** EXERCISE INPUT follows **

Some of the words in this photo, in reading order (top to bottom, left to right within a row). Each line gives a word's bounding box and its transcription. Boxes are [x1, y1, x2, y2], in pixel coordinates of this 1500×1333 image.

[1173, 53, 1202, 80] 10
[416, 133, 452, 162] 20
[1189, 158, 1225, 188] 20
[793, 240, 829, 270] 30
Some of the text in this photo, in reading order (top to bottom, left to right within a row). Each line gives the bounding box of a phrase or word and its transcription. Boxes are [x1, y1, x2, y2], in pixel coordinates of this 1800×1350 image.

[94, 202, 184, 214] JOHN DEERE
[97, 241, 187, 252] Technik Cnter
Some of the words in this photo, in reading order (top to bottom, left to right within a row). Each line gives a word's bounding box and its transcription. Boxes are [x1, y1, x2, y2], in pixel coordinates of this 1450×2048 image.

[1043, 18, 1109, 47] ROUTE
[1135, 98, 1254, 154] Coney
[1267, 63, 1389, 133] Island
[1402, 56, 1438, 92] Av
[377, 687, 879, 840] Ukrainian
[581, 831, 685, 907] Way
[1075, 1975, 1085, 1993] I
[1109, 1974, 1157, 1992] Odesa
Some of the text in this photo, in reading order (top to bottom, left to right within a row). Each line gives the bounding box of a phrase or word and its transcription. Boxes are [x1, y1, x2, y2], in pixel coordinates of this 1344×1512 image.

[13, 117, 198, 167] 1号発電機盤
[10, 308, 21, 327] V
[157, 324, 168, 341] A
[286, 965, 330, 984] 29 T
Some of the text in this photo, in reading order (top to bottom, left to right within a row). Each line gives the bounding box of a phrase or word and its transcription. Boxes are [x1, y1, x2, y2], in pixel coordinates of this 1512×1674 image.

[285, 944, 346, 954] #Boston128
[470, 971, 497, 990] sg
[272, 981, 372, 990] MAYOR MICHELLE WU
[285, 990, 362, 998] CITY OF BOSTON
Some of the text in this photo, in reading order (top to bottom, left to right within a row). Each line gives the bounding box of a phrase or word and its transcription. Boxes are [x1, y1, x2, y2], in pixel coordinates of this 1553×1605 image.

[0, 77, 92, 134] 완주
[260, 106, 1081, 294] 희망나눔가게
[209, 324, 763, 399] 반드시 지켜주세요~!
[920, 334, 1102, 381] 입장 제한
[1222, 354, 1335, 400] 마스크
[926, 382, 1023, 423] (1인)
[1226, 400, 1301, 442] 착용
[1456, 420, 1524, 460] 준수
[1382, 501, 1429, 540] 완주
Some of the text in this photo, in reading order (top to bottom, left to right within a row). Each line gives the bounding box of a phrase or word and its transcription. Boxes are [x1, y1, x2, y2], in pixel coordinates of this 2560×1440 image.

** End of EXERCISE INPUT **

ACTION ITEM: Where the line containing "this 1450×2048 image." appears in the data above, begin there and reproduce every line to the end exactly; include nothing else.

WRITTEN ANSWER:
Some of the words in this photo, in reading order (top to bottom, left to right within a row). Each line gives a word's bounding box and its transcription. Boxes are [x1, y1, x2, y2], in pixel coordinates of this 1450×2048 image.

[1043, 18, 1109, 47] ROUTE
[1135, 98, 1254, 154] Coney
[1267, 63, 1389, 133] Island
[1402, 56, 1438, 92] Av
[377, 687, 879, 840] Ukrainian
[581, 831, 685, 907] Way
[1075, 1975, 1085, 1993] I
[1109, 1974, 1157, 1992] Odesa
Some of the text in this photo, in reading order (top to bottom, left to right within a row). Each line gives the bounding box of a phrase or word and its transcription. Boxes are [x1, y1, x2, y2], in pixel coordinates of this 1344×1512 image.

[13, 117, 198, 167] 1号発電機盤
[10, 308, 21, 327] V
[157, 324, 168, 341] A
[286, 965, 330, 984] 29 T
Some of the text in this photo, in reading order (top to bottom, left to right within a row). Each line gives the bounding box of a phrase or word and its transcription. Boxes are [x1, y1, x2, y2], in pixel coordinates of this 1512×1674 image.

[285, 944, 346, 954] #Boston128
[470, 971, 497, 990] sg
[272, 981, 372, 990] MAYOR MICHELLE WU
[285, 990, 362, 998] CITY OF BOSTON
Some of the text in this photo, in reading order (top to bottom, left to right within a row). Each line gives the bounding box of a phrase or word and its transcription. Boxes are [x1, y1, x2, y2], in pixel coordinates of this 1553×1605 image.

[0, 77, 92, 134] 완주
[260, 106, 1081, 294] 희망나눔가게
[209, 324, 763, 399] 반드시 지켜주세요~!
[920, 334, 1102, 381] 입장 제한
[1222, 354, 1335, 400] 마스크
[926, 382, 1023, 423] (1인)
[1226, 400, 1301, 442] 착용
[1456, 420, 1524, 460] 준수
[1382, 501, 1429, 540] 완주
Some of the text in this photo, in reading order (top to bottom, left to right within a row). Each line gives the bounding box of a phrase or word and its transcription. Boxes are [x1, y1, x2, y2], in pixel coordinates of this 2560×1440 image.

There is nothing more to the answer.